Un haut responsable humanitaire de l'ONU appelle à faire de la Centrafrique une priorité

Le Directeur des opérations de l’Office des Nations Unies pour la coordination des affaires humanitaires (OCHA), John Ging. Photo: ONU

16 janvier 2014 – Après une mission de cinq jours en République centrafricaine, un haut responsable humanitaire de l'ONU a appelé jeudi la communauté internationale à faire de ce pays une priorité, s’inquiétant des risques de "génocide".

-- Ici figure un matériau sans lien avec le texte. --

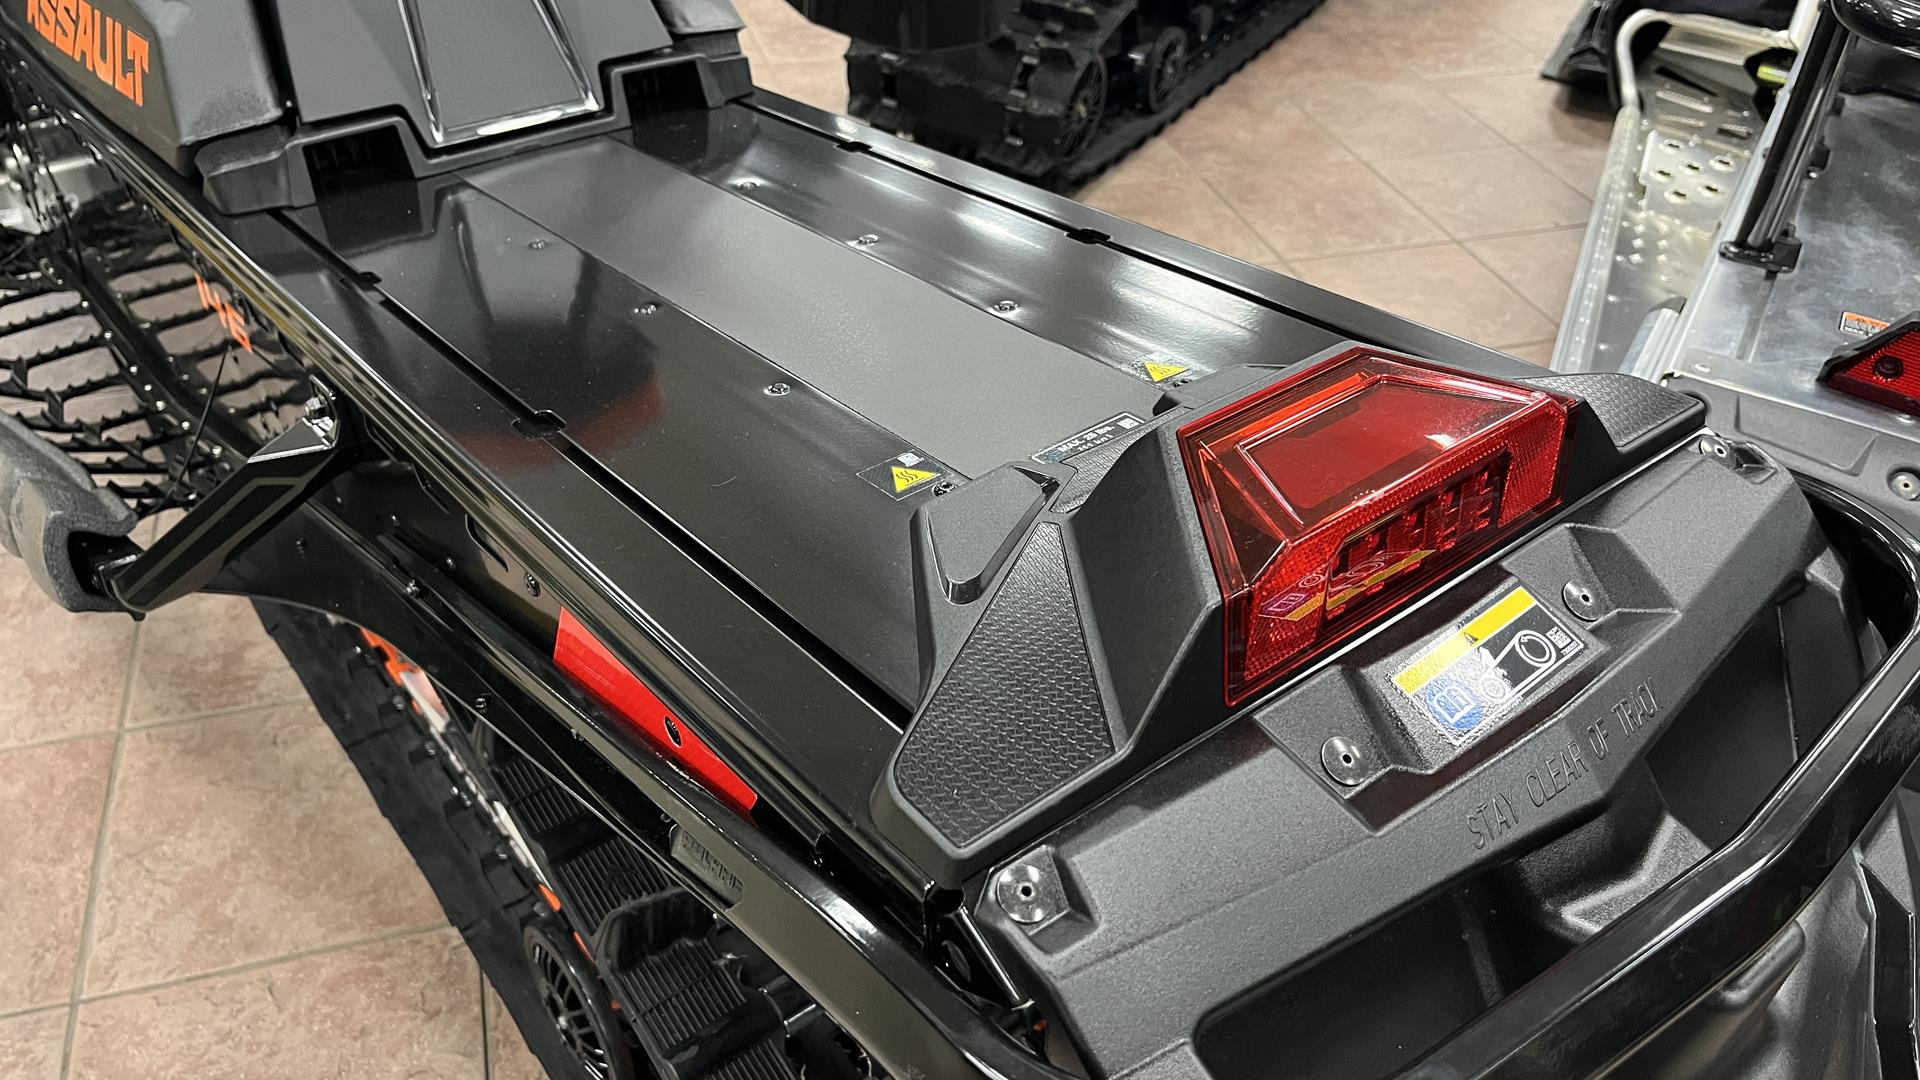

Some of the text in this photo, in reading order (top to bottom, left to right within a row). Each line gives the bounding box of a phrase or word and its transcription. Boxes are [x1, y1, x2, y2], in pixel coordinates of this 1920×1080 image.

« La République centrafricaine doit être placée en haut de la liste des priorités. Cela fait trop longtemps que ce pays languit au bas de cette liste pour nos bailleurs de fonds », a déclaré le Directeur des opérations du Bureau des Nations Unies pour la coordination des affaires humanitaires (OCHA), John Ging, lors d'une conférence de presse à Genève.

Il a précisé que la crise en République centrafricaine est qualifiée de niveau 3 par la communauté humanitaire, le niveau le plus élevé. Seuls deux autres pays sont à ce niveau actuellement : la Syrie et les Philippines.

« Nous sommes très dépendants de la capacité des bailleurs de fonds à nous donner les ressources dont nous avons besoin pour une opération à grande échelle », a dit M. Ging. Les agences de l'ONU et leurs partenaires ont lancé un appel de 247 millions de dollars pour l'assistance humanitaire en République centrafricaine cette année mais seulement 6% de cette somme a été reçue pour l'instant.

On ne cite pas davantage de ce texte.